Both programs require some sort of identification and therefore are less prone to theft and still very viable (especially with train and tram(light rail) tickets ranging between 2 to 4 euro.
Max, the Paris system is a close copy of Lyon's.
Who said they were free? Montreal has an identical system called Bixi and it's five bucks a day. You can also get monthly memberships, like you would the subway. The bikes are locked in by high-powered magnets at terminals laced throughout the city. For tourists, it's great. It's faster than transit and cheaper than a cab.
But it will fail, because everyone's a piece of shit.
As someone who has often rented cars while on business trips I warn you - NEVER buy a used car from a rental outfit.
All rental cars are off-road vehicles.
According to this, it's mostly a negotiating ploy on the part of the contractor:
http://www.streetsblog.org/2009/02/12/reports-of-velibs-demise-greatly-exaggerated/
Unless bikes are being stolen directly from the racks, they must be stolen from riders who've checked them out and locked them (or just left them) somewhere outside an official rack. But these renters have put down a deposit on their credit card and can be charged for the lost/stolen bike.
Vandalism of bikes in racks, though, as well as careless use and mounting repair problems, I believe. And this set of problems is more interesting (from the Wiki):
So nobody wants to ride the heavy, clunk things uphill -- duh. And often there's no bike when you need one, and no place to park a bike when you arrive -- and to prevent this from becoming a huge problem, Velib has to truck bikes around from station to station during the night. Which still doesn't make a lot of sense--after all, the excess bikes on the periphery at night are going to be needed the next morning. Sounds to me like they just need a lot more total rack spaces than bikes.

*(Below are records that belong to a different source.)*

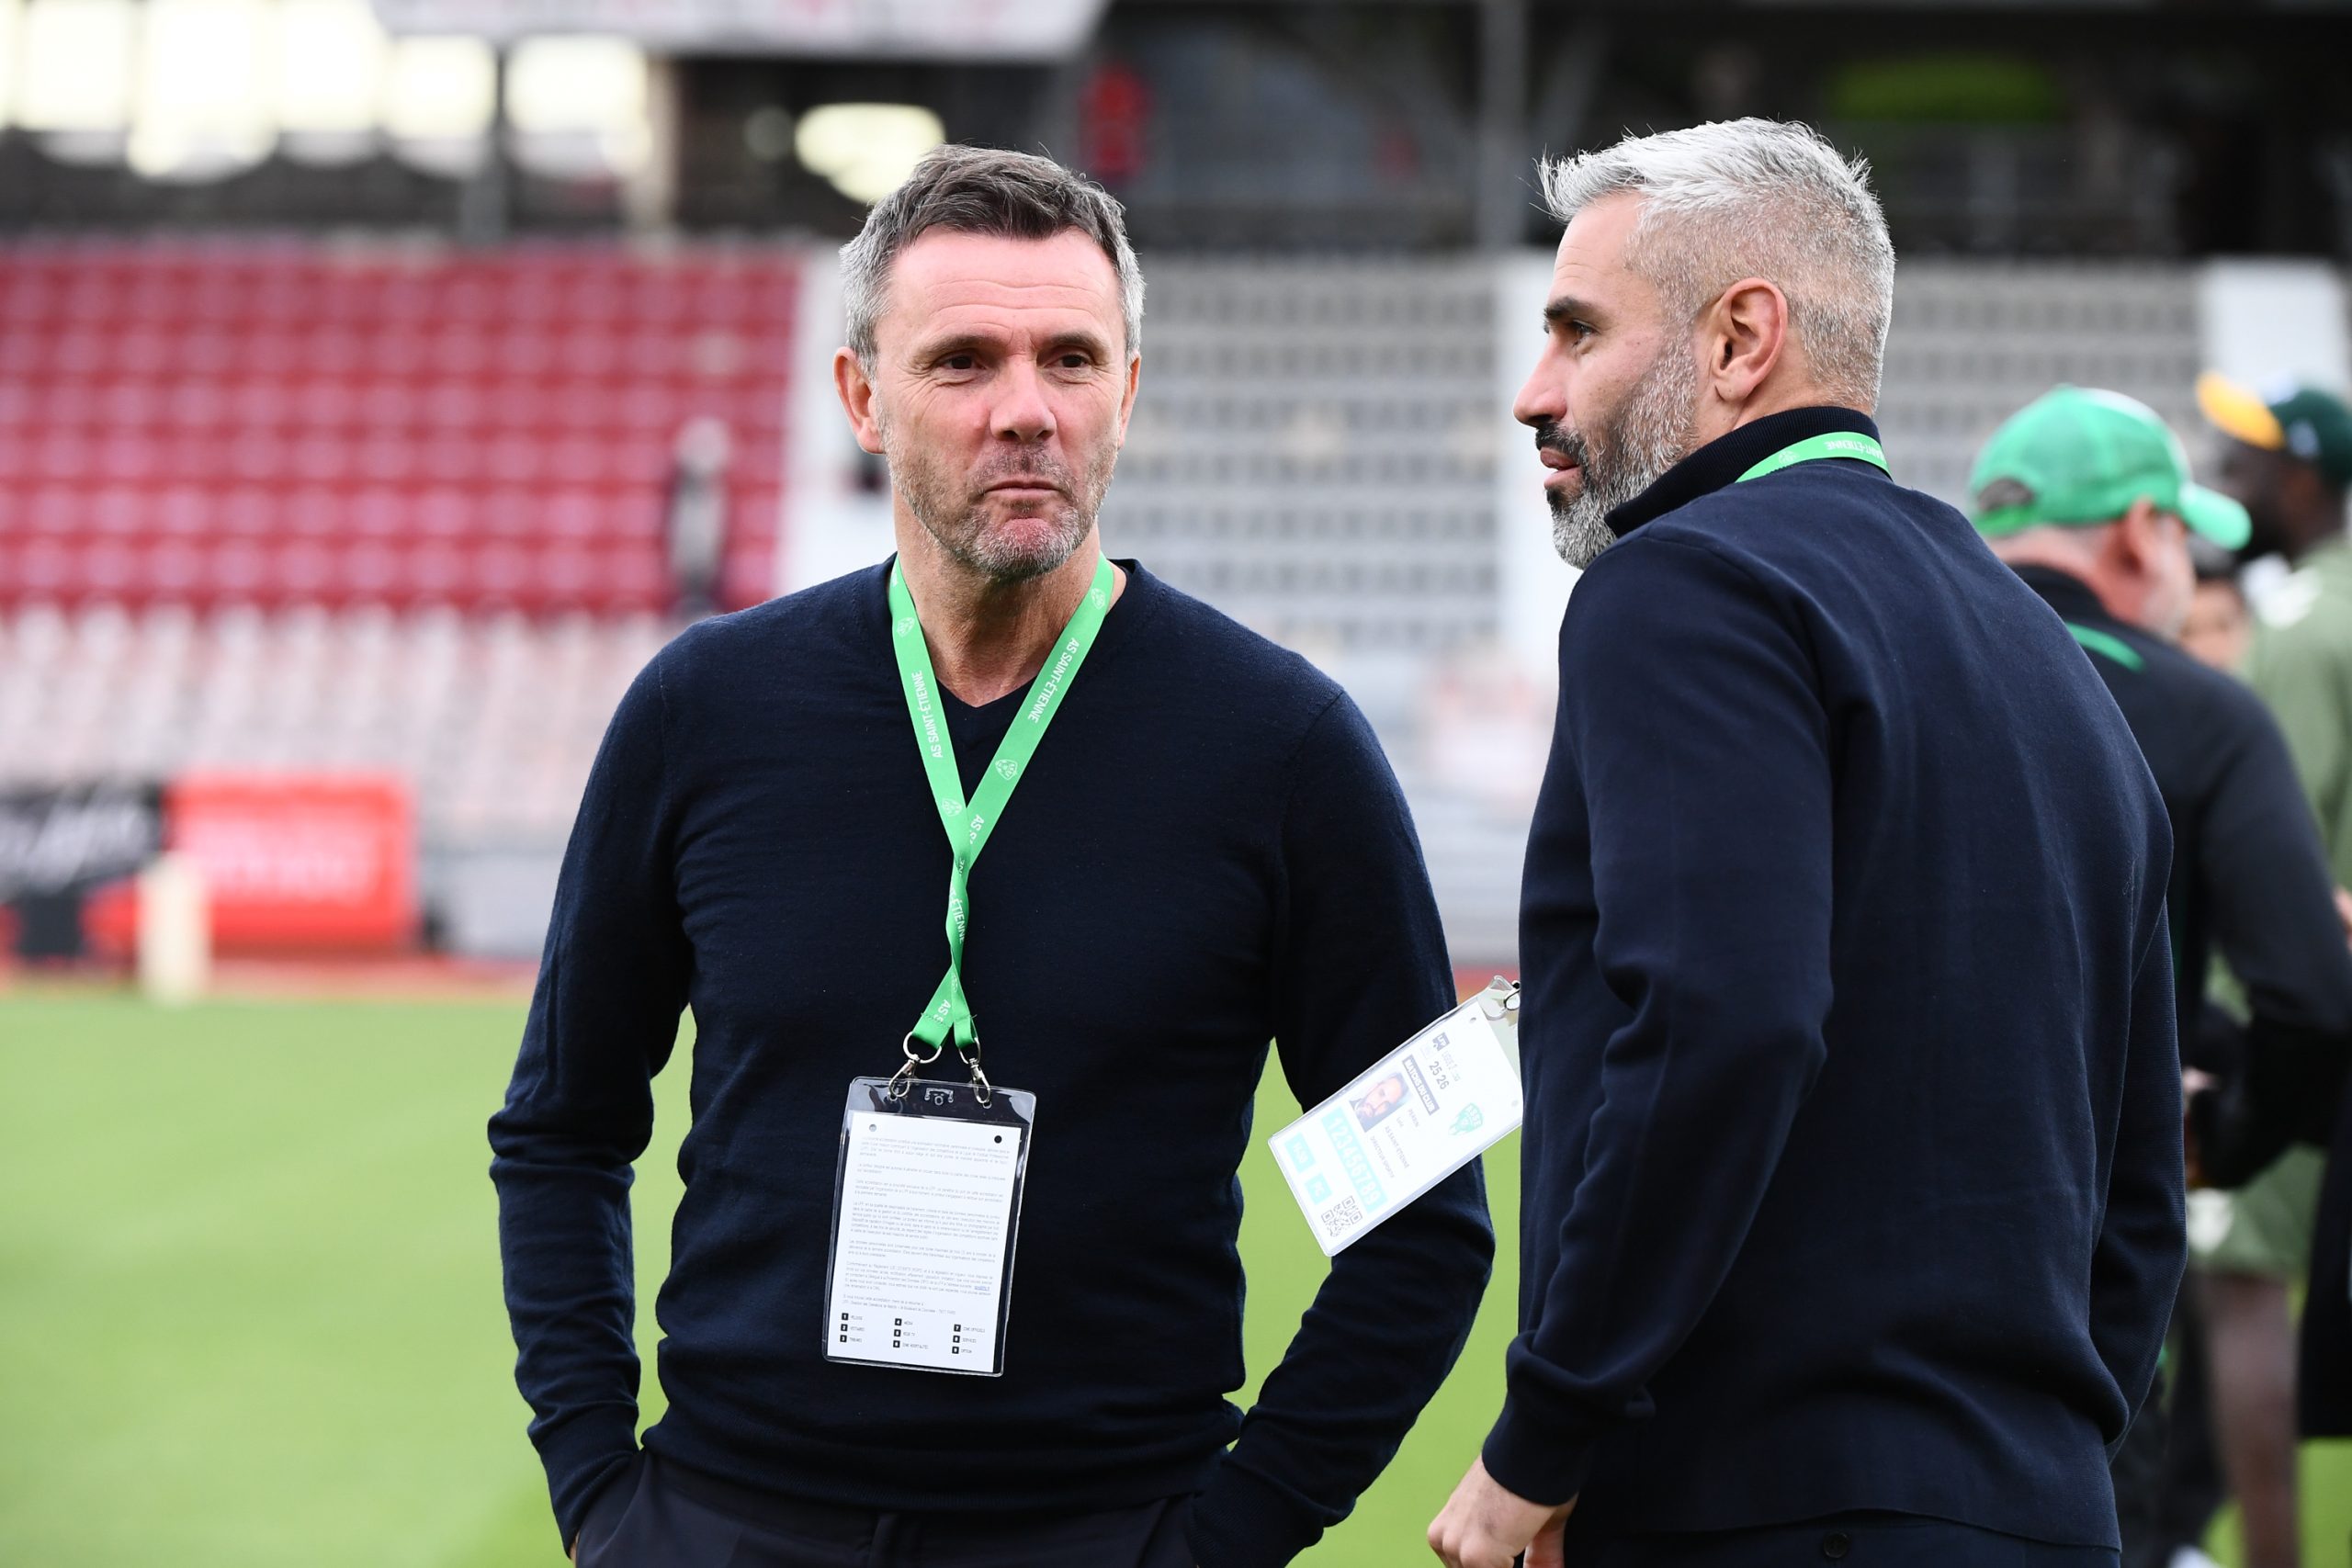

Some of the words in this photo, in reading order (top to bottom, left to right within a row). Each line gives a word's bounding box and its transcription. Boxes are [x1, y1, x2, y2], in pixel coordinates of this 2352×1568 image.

[1066, 637, 1080, 654] AS
[1027, 652, 1073, 724] SAINT-ÉTIENNE
[911, 670, 940, 743] SAINT-ÉTIENNE
[931, 744, 944, 758] AS
[970, 814, 985, 831] AS
[938, 998, 952, 1016] AS
[1403, 1058, 1422, 1086] MATCHS
[1429, 1060, 1442, 1076] 25
[1417, 1084, 1427, 1095] DU
[1435, 1073, 1450, 1089] 26
[1421, 1093, 1435, 1111] CLUB
[1326, 1115, 1383, 1206] 123456789

Will they get all this sorted enough to keep a system that makes money and provides rental bikes at a price people are willing to pay? Or will it ultimately fail? Too early to tell (though I think I'd bet on failure eventually -- or, rather, a large, ongoing public subsidy).
But in any case, it doesn't seem to have much to do with the tragedy of the commons. And there's no good reason for libertarians to have a knee-jerk negative reaction -- especially if it remains a private company trying to provide an innovative service and turn a profit. It would be much better, of course, not to have the stupid arrangement where the company's revenue comes from city provided advertising space while the city gets the bike rental (what a ridiculous scheme), but still.
I'm wondering about all the positive effects people claim in the article. (I mean, of course they do, because government programs are NEVER failures according to their sponsors.) Their metrics for "success" seem to be "people are riding the bikes! and buying their own!" Well, that's nice, but if the city were to put out piles of big-screen plasma TVs and people took them and used them, it would be a "success" by the same measure, but I don't think anyone would actually call it useful. I'd have used metrics like: is the air less polluted? are there fewer or less severe traffic accidents? But nobody seems interested in metrics like that.
BTW, as a New York City resident, the last freakin' thing I want is more bikes on the street.
Checking for more information about the program, I found this on Wikipedia: "The price per bicycle has been variously stated as US$1,300 (if provided by JCDecaux)[2], EUR300[3], or US$3,460[4] apiece. They are three-speed bicycles..."
At least $1300 for a three-speed? Government at work...
That is some great insight, lukas.
No kidding. No government program can be fully understood until all the kickbacks and brother-in-law deals are in plain view.
The Reason crowd should be careful about directing people to read up on problems of the commons, collective action problems, etc...
(And now, ladies and gentlemen, you know why Chicago and Paris are sister cities.)
I'm not sure if this is relavant, but JCDeaux somehow managed to win a bus stop billboard concession in Chicago, also.